Balyan Rajiv, Zhang Xue, Chidambaran Vidya, Martin Lisa J, Mizuno Tomoyuki, Fukuda Tsuyoshi, Vinks Alexander A, Sadhasivam Senthilkumar
Department of Anesthesia, College of Medicine, University of Cincinnati, Cincinnati, OH 45229, USA.
Division of Clinical Pharmacology, Department of Pediatrics, Cincinnati Children's Hospital Medical Center, Cincinnati, OH 45229, USA.
Pharmacogenomics. 2017 May;18(7):621-629. doi: 10.2217/pgs-2017-0002. Epub 2017 May 4.
Large interindividual variability in morphine pharmacokinetics (PK) could contribute to variability in morphine analgesia and adverse events. Respiratory depression (RD) and postoperative nausea and vomiting (PONV) are significant adverse drug response of intravenous morphine in the perioperative setting limiting its efficacy in achieving adequate surgical pain relief. OCT1 is a transporter in the liver that transports morphine from the bloodstream into hepatocytes. Earlier we reported association of genetic polymorphisms in OCT1 with morphine PK, and lower morphine clearance in Caucasian children as compared with African-American (AA) children. The aim of this study is to identify the association between common OCT1 genotypes affecting morphine's PK and clinically important postoperative morphine-related adverse outcomes.
After obtaining institutional review board (IRB) approval and informed consents, 311 children ages 6-15 years, American Society of Anesthesiologists' physical status 1 or 2 scheduled for tonsillectomy who received standard anesthetic, surgical and postoperative care were recruited. Clinical data collected included postoperative pain scores, total opioid use, incidence of PONV and RD. Four nonsynonymous SNPs of the OCT1 gene (rs12208357, rs34130495, rs72552763 and rs34059508) in each patient were genotyped using commercially available TaqMan assays. We investigated the genetic association of OCT1 with incidences of postoperative RD and PONV.

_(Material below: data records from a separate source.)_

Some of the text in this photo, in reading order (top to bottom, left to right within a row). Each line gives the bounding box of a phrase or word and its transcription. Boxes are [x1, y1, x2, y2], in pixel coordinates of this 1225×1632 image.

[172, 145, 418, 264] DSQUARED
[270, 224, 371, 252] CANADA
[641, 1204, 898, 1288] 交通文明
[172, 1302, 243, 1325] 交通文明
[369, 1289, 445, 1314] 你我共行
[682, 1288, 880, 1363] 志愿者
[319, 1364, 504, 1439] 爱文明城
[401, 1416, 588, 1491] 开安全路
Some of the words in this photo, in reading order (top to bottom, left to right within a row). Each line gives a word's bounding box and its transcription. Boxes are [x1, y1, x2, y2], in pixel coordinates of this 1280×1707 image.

Caucasian and AA children differed significantly in the incidence of obstructive sleep apnea (p < 0.001) and total morphine use (p = 0.028). There were incidences of prolonged post anesthesia care unit stay in 7% of Caucasian children, while no such incidences were observed for AA children (p = 0.05). OCT1 polymorphism rs12208357 was associated with high incidences of PONV and PONV leading to prolonged post anesthesia care unit stay (p < 0.05). A significant association was also found between rs72552763 GAT deletion and high incidence of RD (p = 0.007).

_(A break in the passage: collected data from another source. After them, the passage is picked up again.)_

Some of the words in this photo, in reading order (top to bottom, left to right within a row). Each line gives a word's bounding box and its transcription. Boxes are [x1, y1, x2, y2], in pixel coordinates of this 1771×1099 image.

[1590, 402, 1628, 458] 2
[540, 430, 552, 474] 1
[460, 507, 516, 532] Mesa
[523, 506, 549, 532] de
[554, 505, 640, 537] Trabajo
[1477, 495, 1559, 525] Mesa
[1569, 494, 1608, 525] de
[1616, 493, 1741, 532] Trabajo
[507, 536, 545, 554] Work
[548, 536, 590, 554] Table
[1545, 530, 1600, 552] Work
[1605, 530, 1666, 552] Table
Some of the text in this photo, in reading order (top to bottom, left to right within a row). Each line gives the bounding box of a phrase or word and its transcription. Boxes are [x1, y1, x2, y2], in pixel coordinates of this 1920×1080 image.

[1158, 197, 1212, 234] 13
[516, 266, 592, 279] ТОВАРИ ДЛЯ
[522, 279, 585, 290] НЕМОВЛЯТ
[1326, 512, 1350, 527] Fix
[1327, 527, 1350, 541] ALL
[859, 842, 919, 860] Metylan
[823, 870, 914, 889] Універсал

Children with certain OCT1 genotypes are associated with higher risk for RD and PONV following morphine administration leading to prolonged hospital stay. The OCT1 transporters' effects on morphine's PK could explain this association.
吗啡药代动力学(PK)存在较大的个体间差异,这可能导致吗啡镇痛效果和不良事件的差异。呼吸抑制(RD)和术后恶心呕吐(PONV)是围手术期静脉注射吗啡的重要药物不良反应,限制了其在实现充分手术疼痛缓解方面的疗效。有机阳离子转运体1(OCT1)是肝脏中的一种转运蛋白,可将吗啡从血液转运到肝细胞中。我们之前报道过OCT1基因多态性与吗啡PK的关联,以及与非裔美国(AA)儿童相比,白种儿童吗啡清除率较低。本研究的目的是确定影响吗啡PK的常见OCT1基因型与临床上重要的术后吗啡相关不良结局之间的关联。

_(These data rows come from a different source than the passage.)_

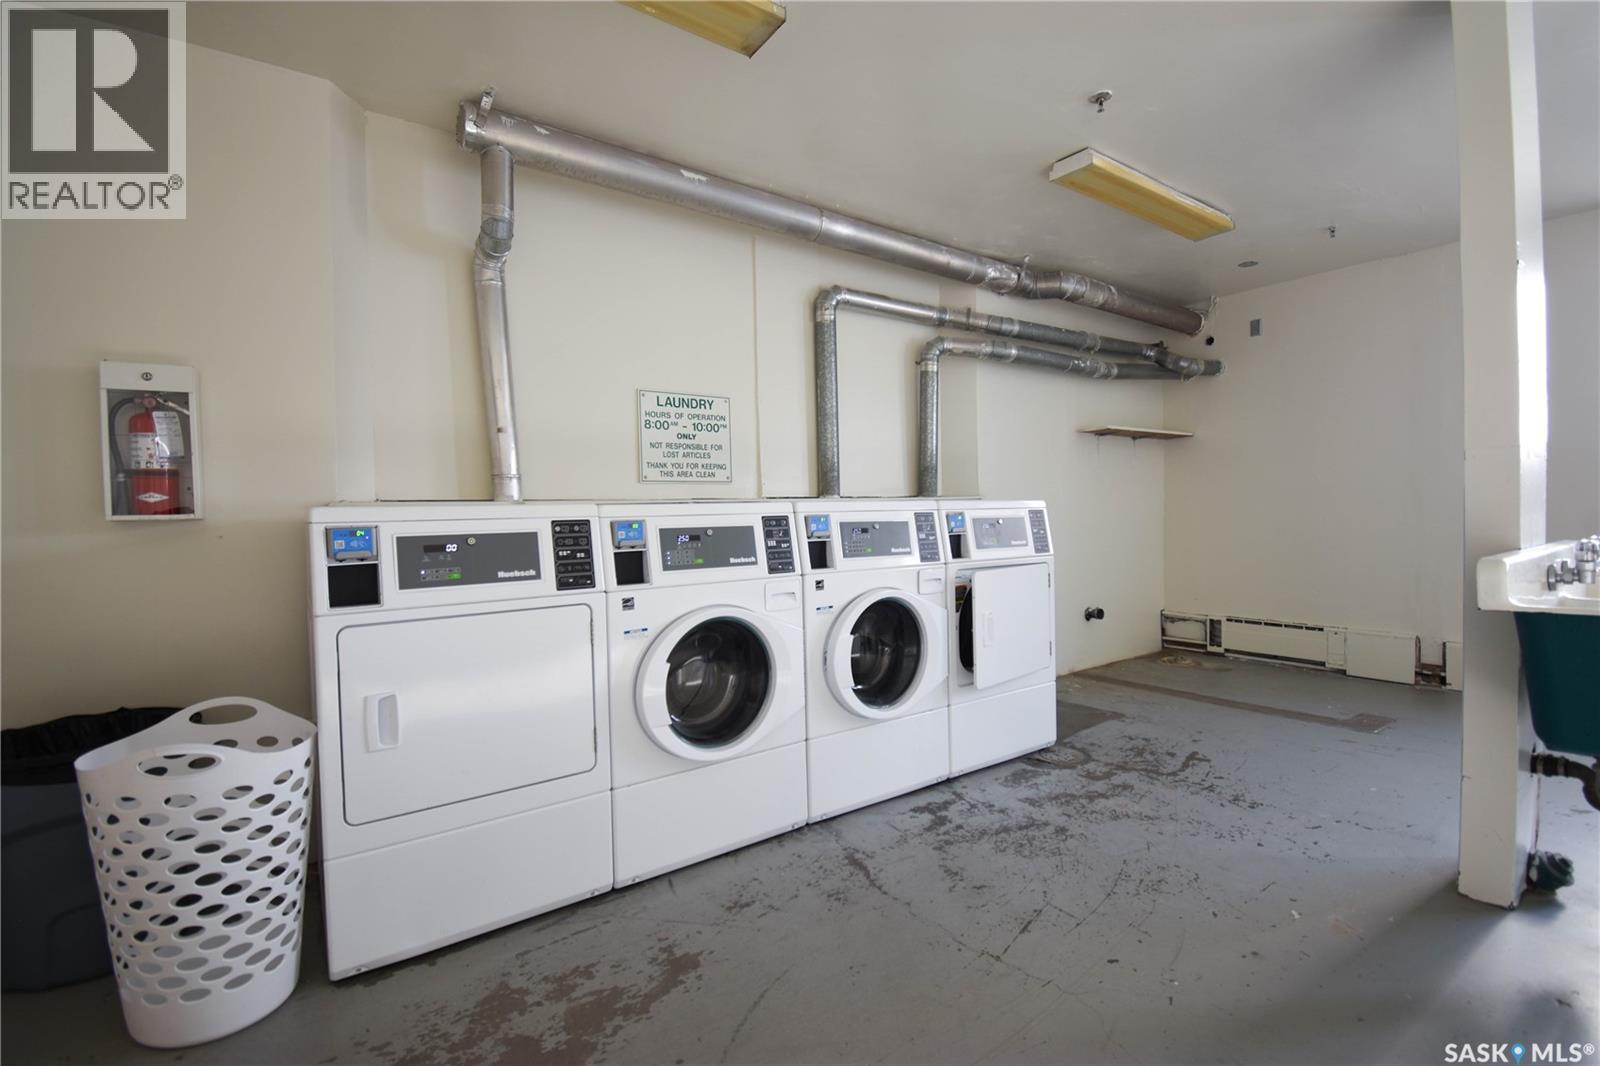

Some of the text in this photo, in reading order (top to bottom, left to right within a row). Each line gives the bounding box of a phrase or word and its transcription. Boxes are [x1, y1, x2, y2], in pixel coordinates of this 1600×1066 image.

[656, 395, 714, 410] LAUNDRY
[644, 410, 726, 422] HOURS OF OPERATION
[676, 432, 697, 441] ONLY
[649, 441, 663, 449] NOT
[665, 442, 708, 451] RESPONSIBLE
[682, 451, 711, 459] ARTICLES
[646, 461, 668, 469] THANK
[670, 462, 684, 470] YOU
[686, 462, 699, 470] FOR
[660, 470, 716, 478] THIS AREA CLEAN
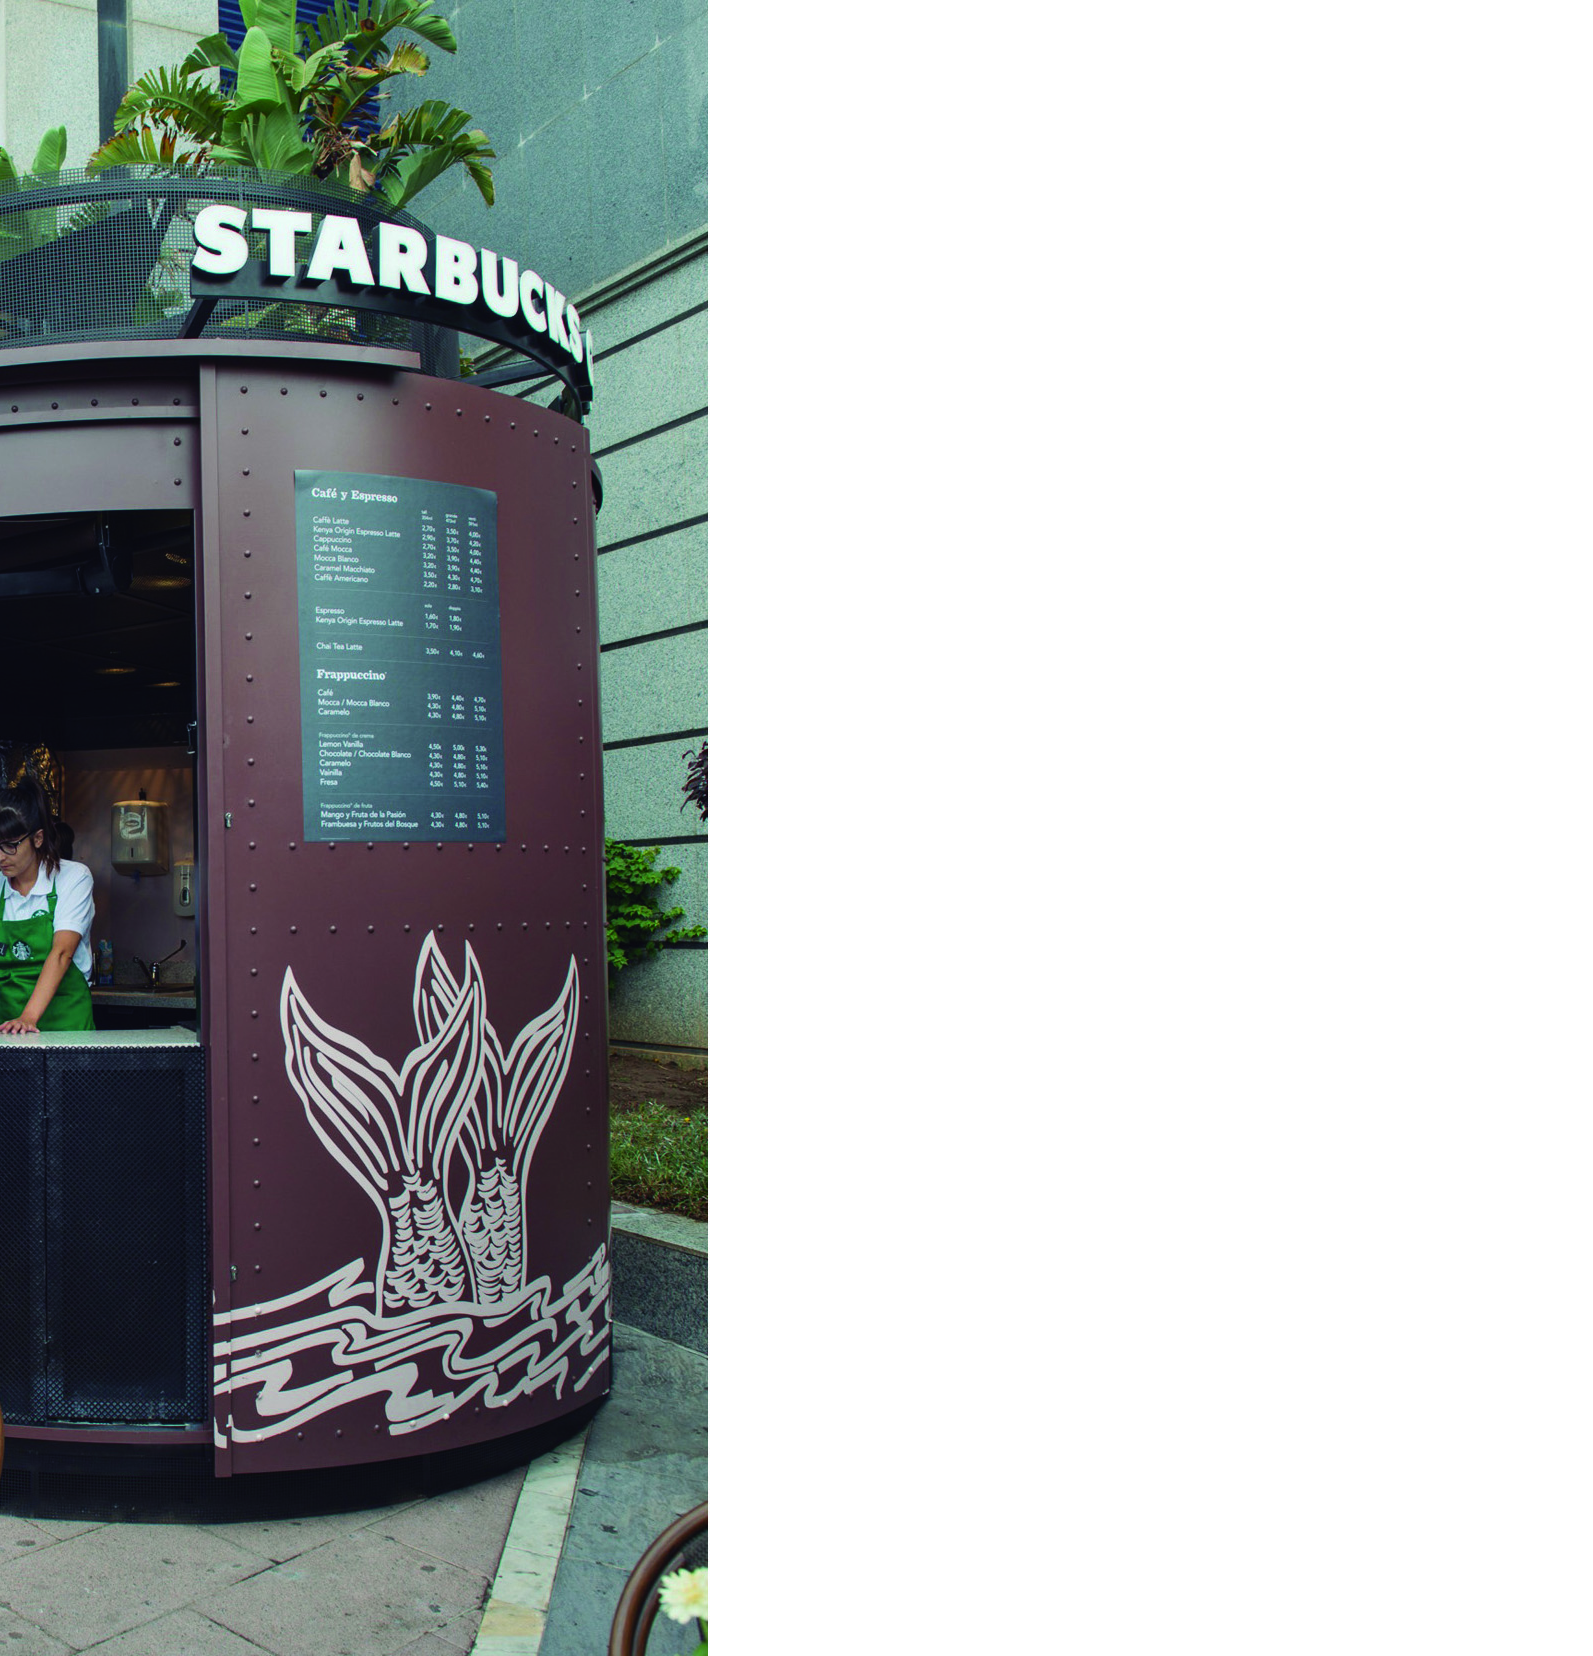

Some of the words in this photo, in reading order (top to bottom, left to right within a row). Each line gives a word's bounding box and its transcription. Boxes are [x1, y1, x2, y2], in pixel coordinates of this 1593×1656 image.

[191, 204, 584, 364] STARBUCKS
[311, 487, 337, 499] Café
[340, 491, 348, 501] y
[351, 490, 398, 503] Espresso
[312, 516, 331, 524] Caffè
[313, 526, 333, 534] Kenya
[334, 527, 355, 536] Origin
[356, 528, 384, 536] Espresso
[313, 535, 352, 543] Cappuccino
[338, 555, 359, 563] Blanco
[343, 565, 375, 573] Macchiato
[334, 575, 368, 583] Americano
[316, 606, 345, 614] Espresso
[316, 617, 335, 625] Kenya
[337, 617, 357, 626] Origin
[359, 618, 386, 626] Espresso
[388, 619, 403, 627] Latte
[316, 642, 331, 650] Chai
[333, 642, 344, 650] Tea
[346, 643, 363, 651] Latte
[318, 708, 350, 716] Caramelo
[358, 750, 390, 758] Chocolate
[321, 811, 345, 820] Mango
[396, 821, 418, 829] Bosque

在获得机构审查委员会(IRB)批准并获得知情同意后,招募了311名6至15岁、美国麻醉医师协会身体状况为1或2、计划接受扁桃体切除术且接受标准麻醉、手术和术后护理的儿童。收集的临床数据包括术后疼痛评分、总阿片类药物使用量、PONV和RD的发生率。使用市售的TaqMan分析对每位患者OCT1基因的四个非同义单核苷酸多态性(SNP,rs12208357、rs34130495、rs72552763和rs34059508)进行基因分型。我们研究了OCT1与术后RD和PONV发生率之间的遗传关联。
白种儿童和AA儿童在阻塞性睡眠呼吸暂停发生率(p < 0.001)和总吗啡使用量(p = 0.028)方面存在显著差异。7%的白种儿童出现麻醉后监护病房停留时间延长的情况,而AA儿童未观察到此类情况(p = 0.05)。OCT1多态性rs12208357与PONV的高发生率以及导致麻醉后监护病房停留时间延长的PONV相关(p < 0.05)。还发现rs72552763 GAT缺失与RD的高发生率之间存在显著关联(p = (此处原文可能有误,推测为0.007))。
具有某些OCT1基因型的儿童在使用吗啡后发生RD和PONV的风险较高,导致住院时间延长。OCT1转运蛋白对吗啡PK的影响可以解释这种关联。